期刊
OBESITY FACTS
卷 4, 期 2, 页码 151-157出版社
KARGER
DOI: 10.1159/000327676
关键词
Allometry; Brain mass; Brain-pull; Caloric restriction; Obesity
资金
- German Research Foundation [DFG Mu 714/8-3, KFO-126]
Objective: As has been shown recently, obesity is associated with brain volume deficits. We here used an interventional study design to investigate whether the brain shrinks after caloric restriction in obesity. To elucidate mechanisms of neuroprotection we assessed brain-pull competence, i.e. the brain's ability to properly demand energy from the body. Methods: In 52 normal-weight and 42 obese women (before and after approximate to 10% weight loss) organ masses of brain, liver and kidneys (magnetic resonance imaging), fat (air displacement plethysmography) and muscle mass (dual-energy X-ray absorptiometry) were assessed. Body metabolism was measured by indirect calorimetry.
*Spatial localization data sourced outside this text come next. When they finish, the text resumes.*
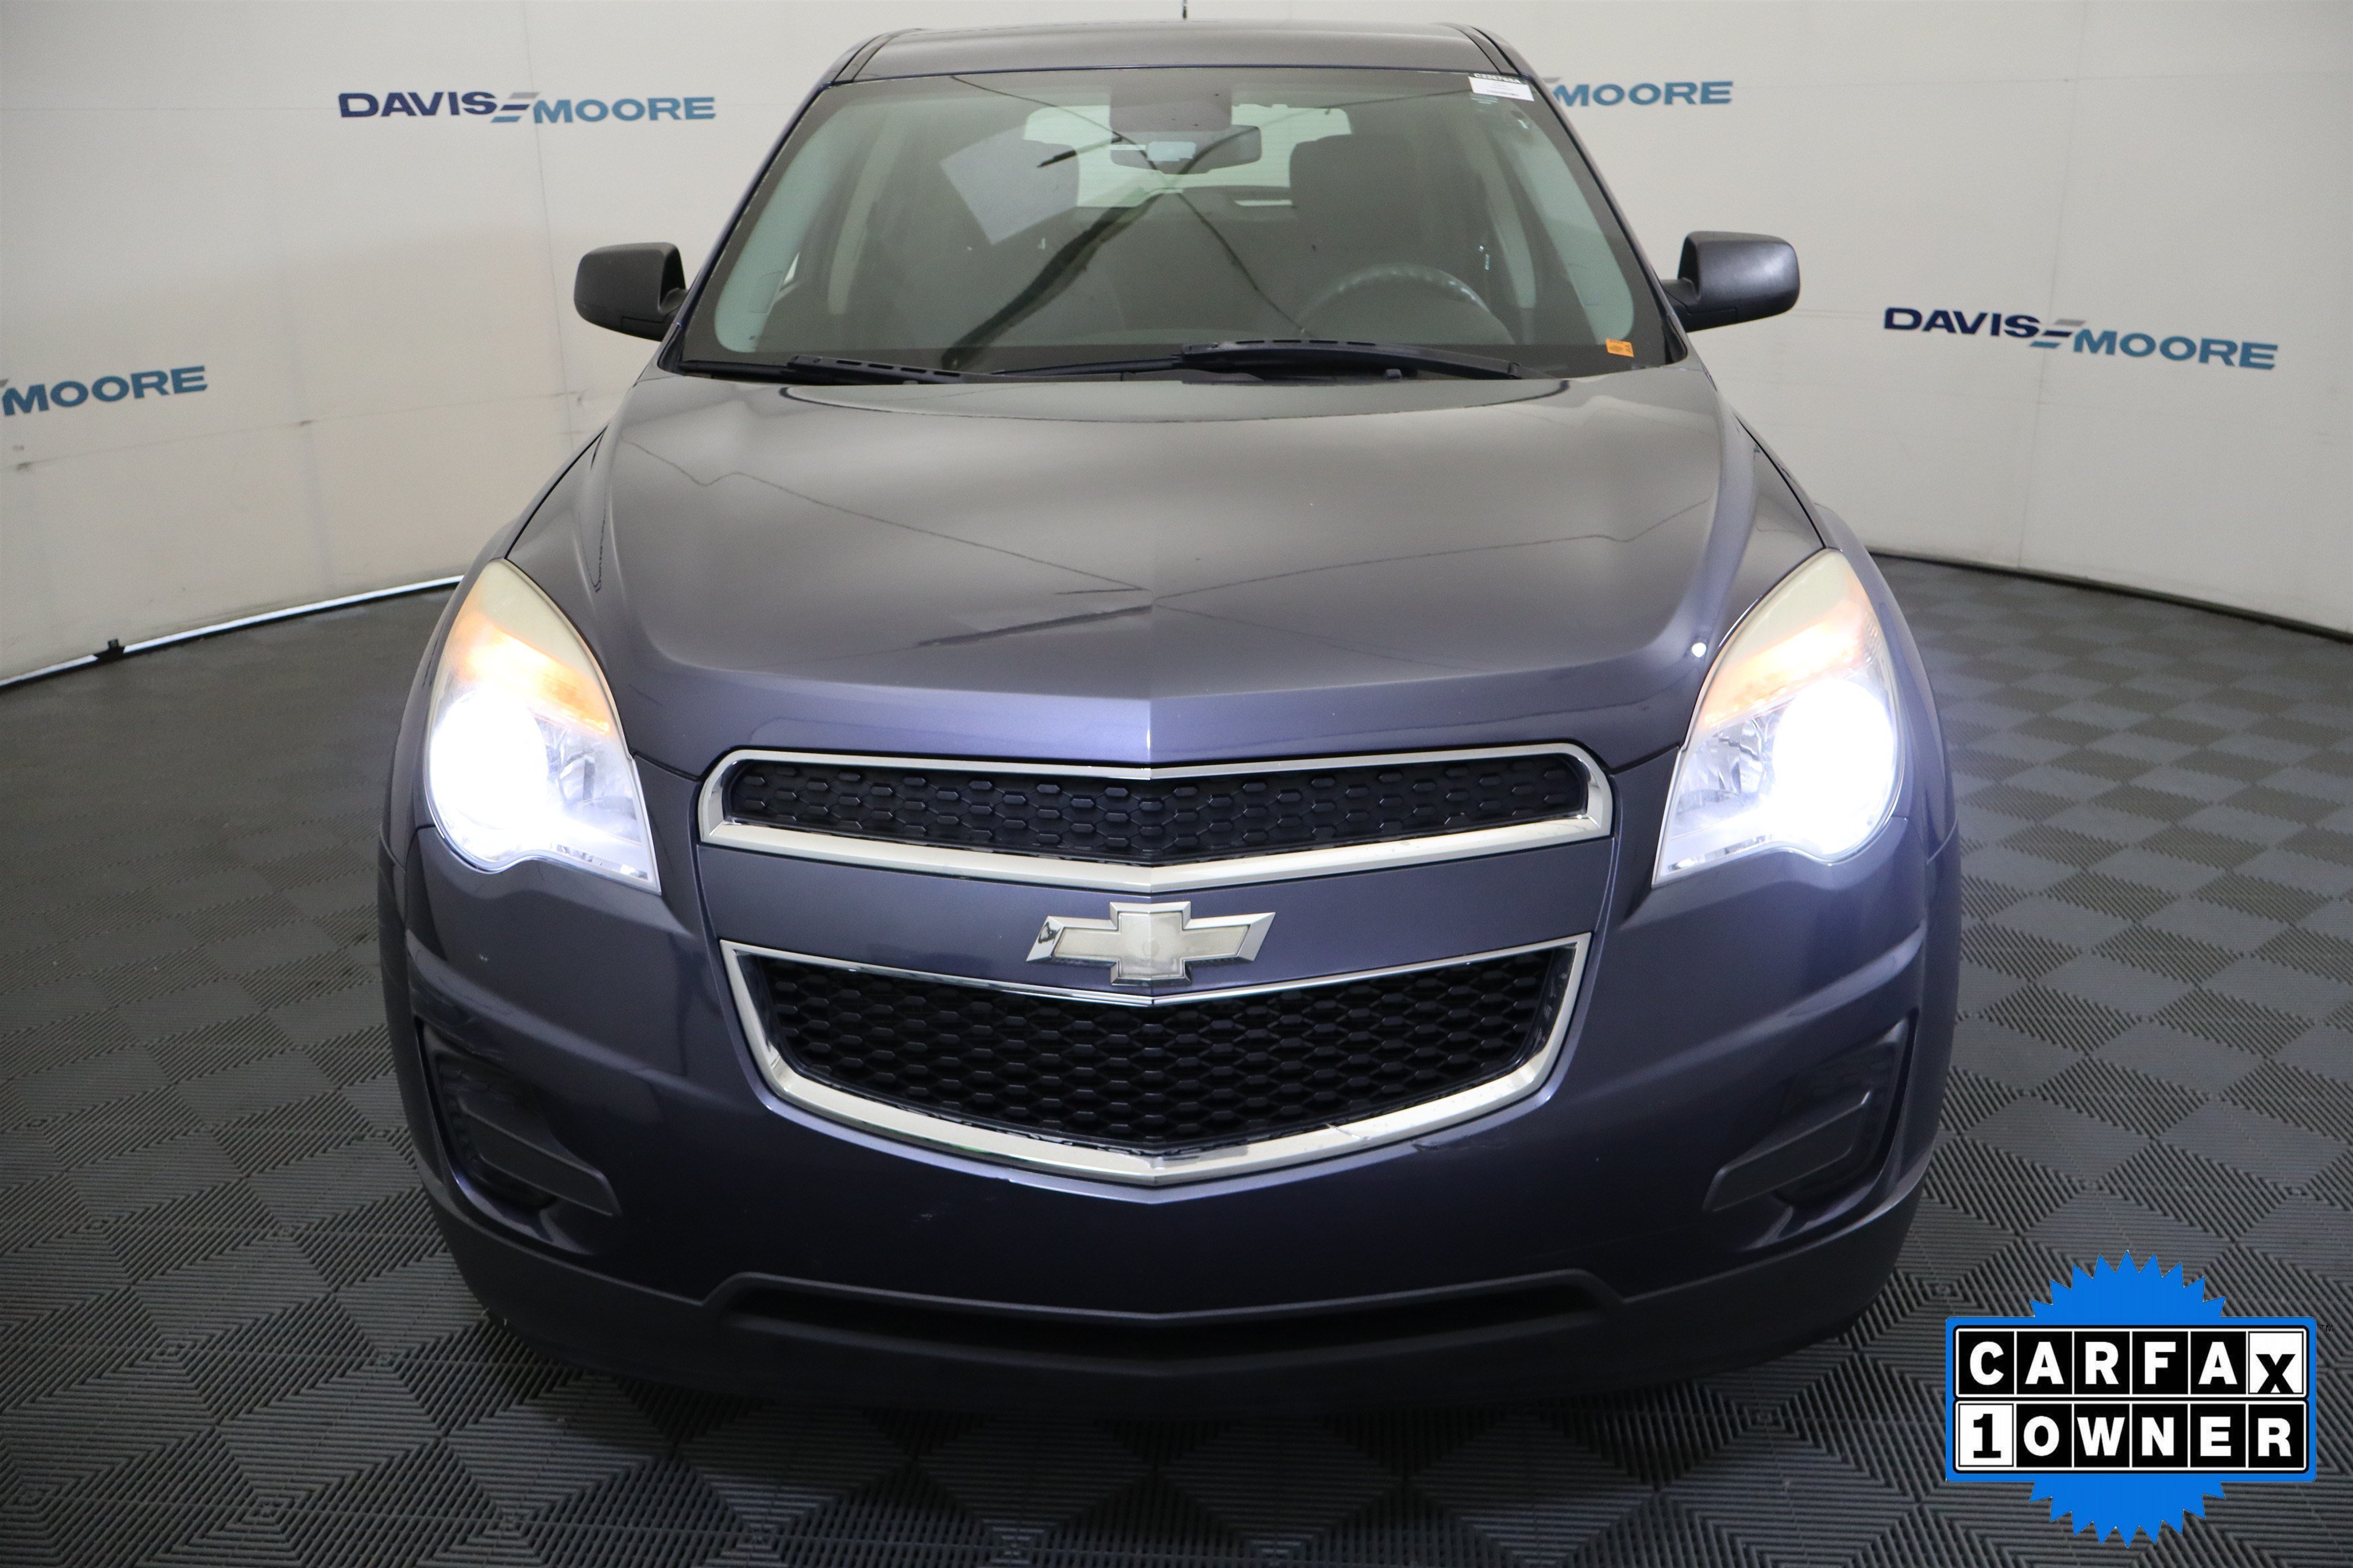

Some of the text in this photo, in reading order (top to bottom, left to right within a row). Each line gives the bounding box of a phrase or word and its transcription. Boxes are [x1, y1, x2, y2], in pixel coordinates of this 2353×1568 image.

[338, 91, 716, 124] DAVIS MOORE
[1553, 81, 1733, 107] MOORE
[1883, 307, 2279, 370] DAVIS MOORE
[1, 365, 209, 418] MOORE
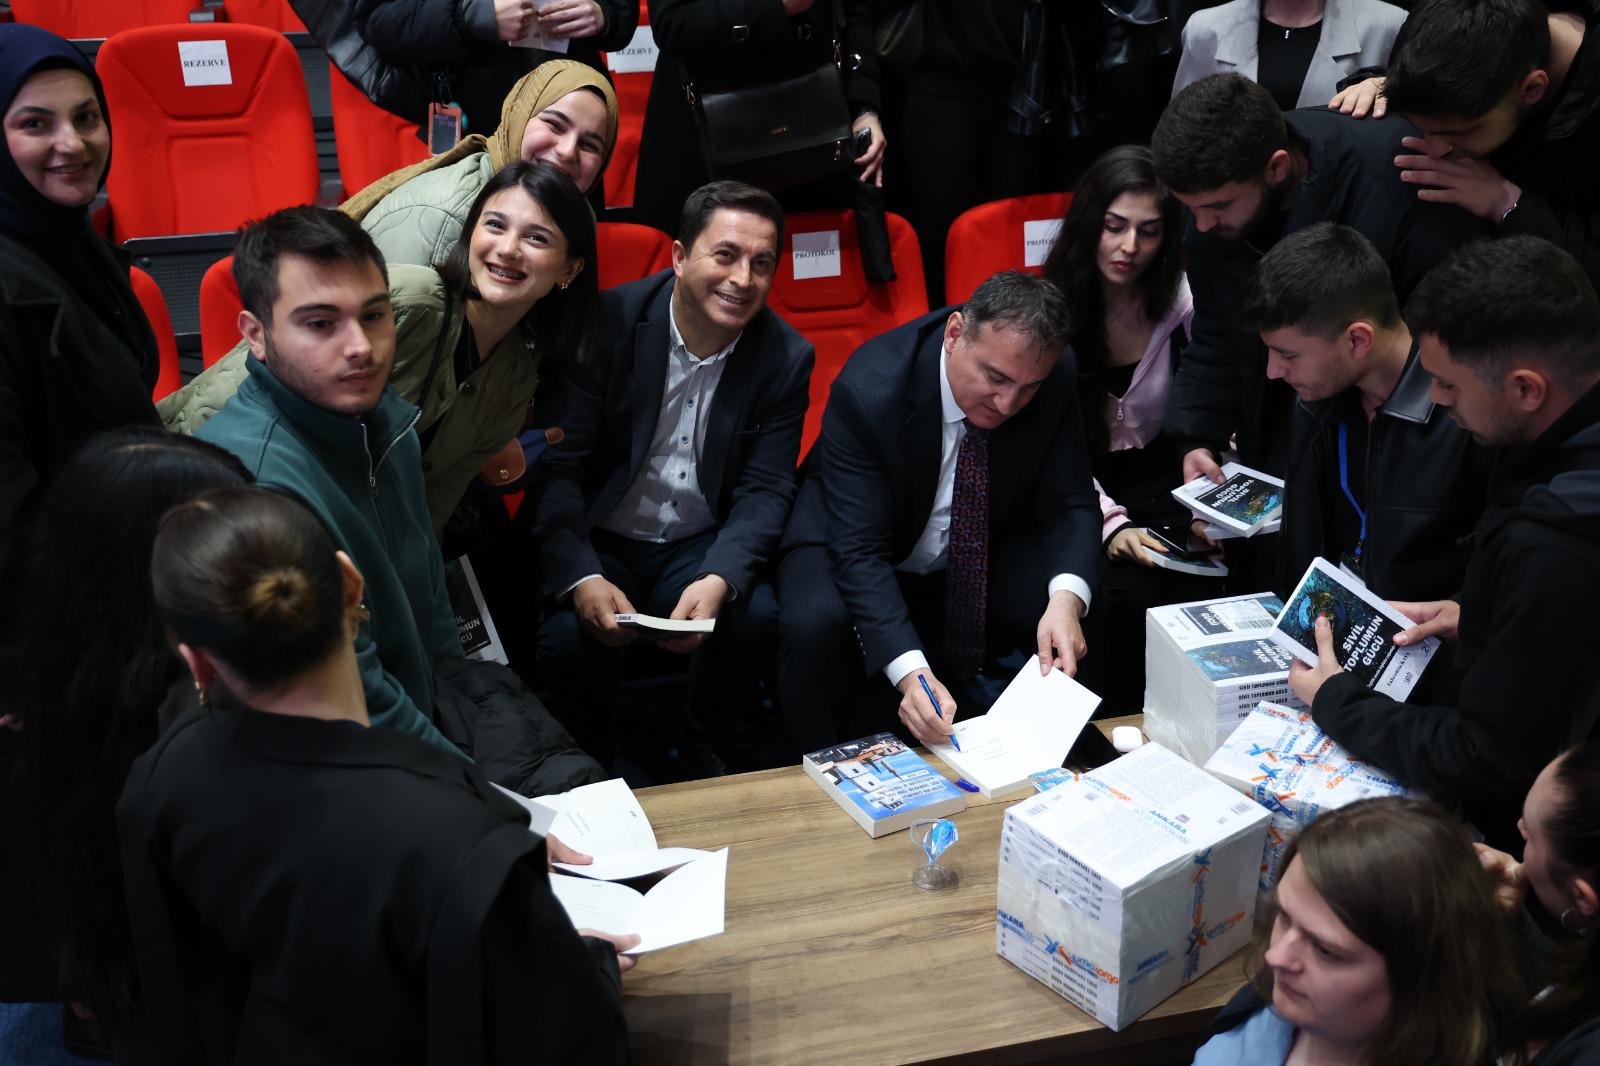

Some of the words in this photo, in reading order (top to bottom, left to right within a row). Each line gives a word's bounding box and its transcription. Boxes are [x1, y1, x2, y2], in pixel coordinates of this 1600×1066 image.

[183, 59, 226, 68] REZERVE
[795, 248, 837, 259] PROTOKOL
[1342, 624, 1365, 652] SİVİL
[1343, 615, 1384, 672] TOPLUMUN
[1362, 635, 1385, 666] GÜCÜ
[1149, 810, 1187, 836] ANKARA
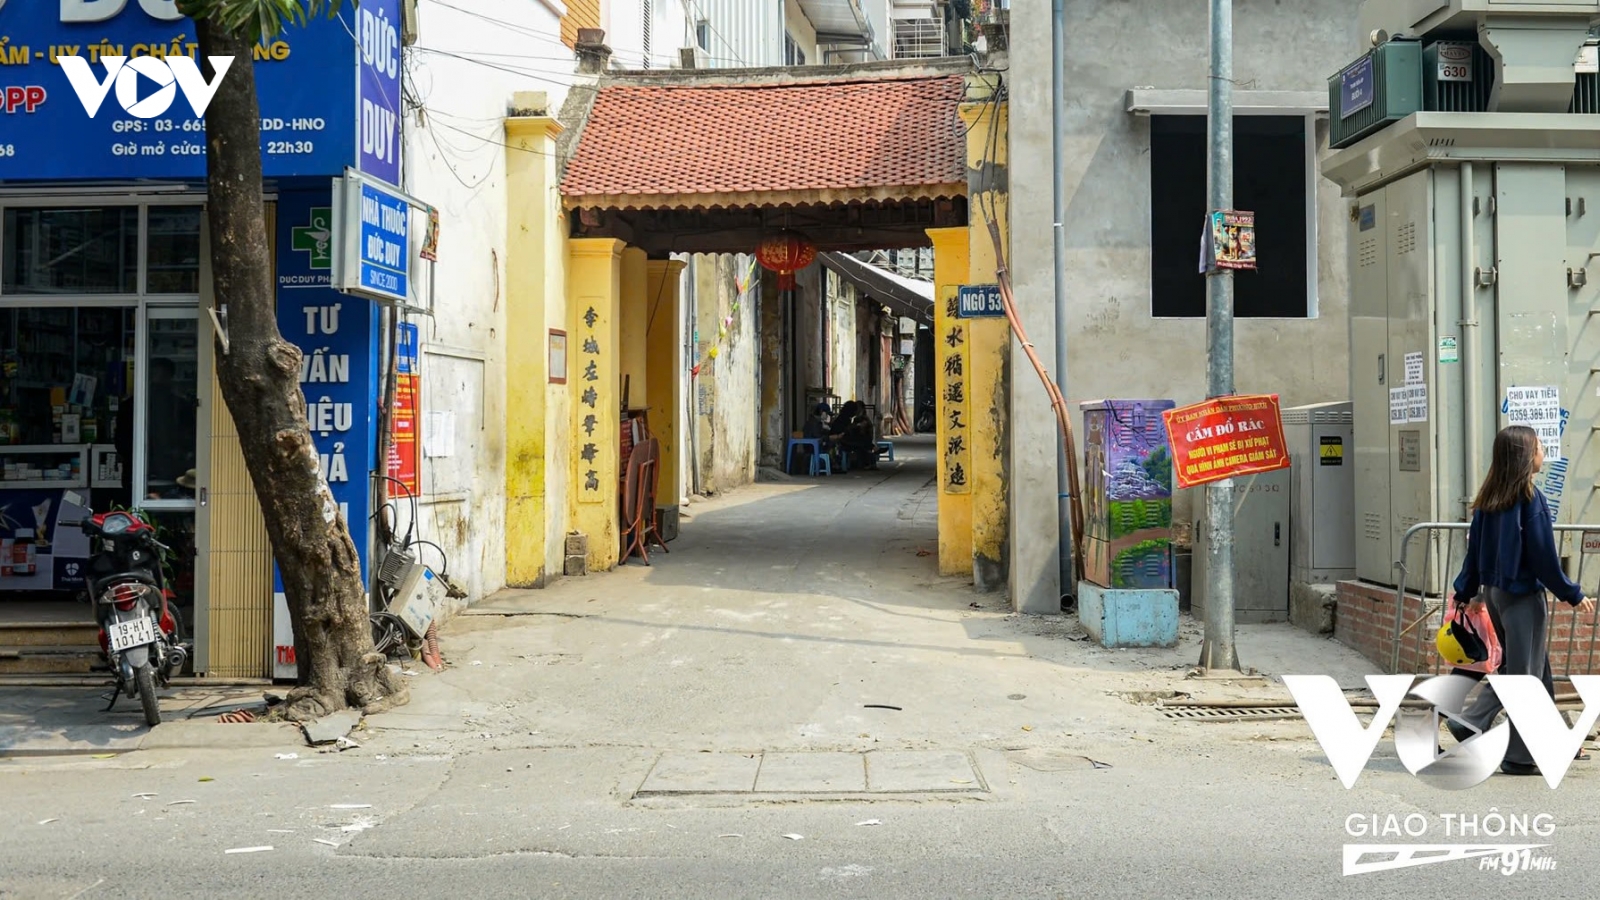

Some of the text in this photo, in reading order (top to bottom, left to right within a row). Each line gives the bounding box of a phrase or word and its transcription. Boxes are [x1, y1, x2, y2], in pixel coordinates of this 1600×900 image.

[362, 7, 397, 80] ĐỨC
[1443, 65, 1467, 78] 630
[111, 120, 149, 133] GPS:
[362, 98, 396, 165] DUY
[111, 140, 314, 156] Giờ mở cửa: 22h30
[361, 195, 380, 227] NHÀ
[380, 202, 407, 237] THUỐC
[367, 231, 384, 262] ĐỨC
[384, 242, 401, 268] DUY
[369, 269, 399, 292] SINCE 2000
[962, 289, 1005, 311] NGÕ 53
[303, 303, 342, 335] TƯ
[1508, 390, 1524, 400] CHO
[1525, 389, 1539, 399] VAY
[306, 396, 352, 437] IỆU
[1186, 417, 1266, 443] CẤM ĐỔ RÁC
[1188, 446, 1206, 460] NGƯỜI
[1206, 446, 1213, 456] VI
[1212, 443, 1230, 456] PHẠM
[1254, 437, 1270, 448] PHẠT
[1186, 447, 1277, 476] QUA HÌNH ẢNH CAMERA GIÁM SÁT
[115, 631, 151, 648] 101.41
[118, 621, 145, 635] 19-H1
To investigate how energy is allocated between brain and body, we used reference data obtained in the field of comparative biology. We calculated the distance between each woman and a reference mammal of comparable size in a brain-body plot and named the distance 'encephalic measure'. To elucidate how the brain protects its mass, we measured fasting insulin, since 'cerebral insulin suppression' has been shown to function as a brain-pull mechanism. Results: Brain mass was equal in normal-weight and obese women (1,441.8 +/- 14.6 vs. 1,479.2 +/- 12.8 g; n.s.) and was unaffected by weight loss (1,483.8 +/- 12.7 g; n.s.). In contrast, masses of muscle, fat, liver and kidneys decreased by 3-18% after weight loss (all p < 0.05). The encephalic measure was lower in obese than normal-weight women (5.8 +/- 0.1 vs. 7.4 +/- 0.1; p < 0.001). Weight loss increased the encephalic measure to 6.3 +/- 0.1 (p < 0.001). Insulin concentrations were inversely related to the encephalic measure (r = -0.382; p < 0.001). Conclusion: Brain mass is normal in obese women and is protected during caloric restriction. Our data suggest that neuroprotection during caloric restriction is mediated by a competent brain-pull exerting cerebral insulin suppression.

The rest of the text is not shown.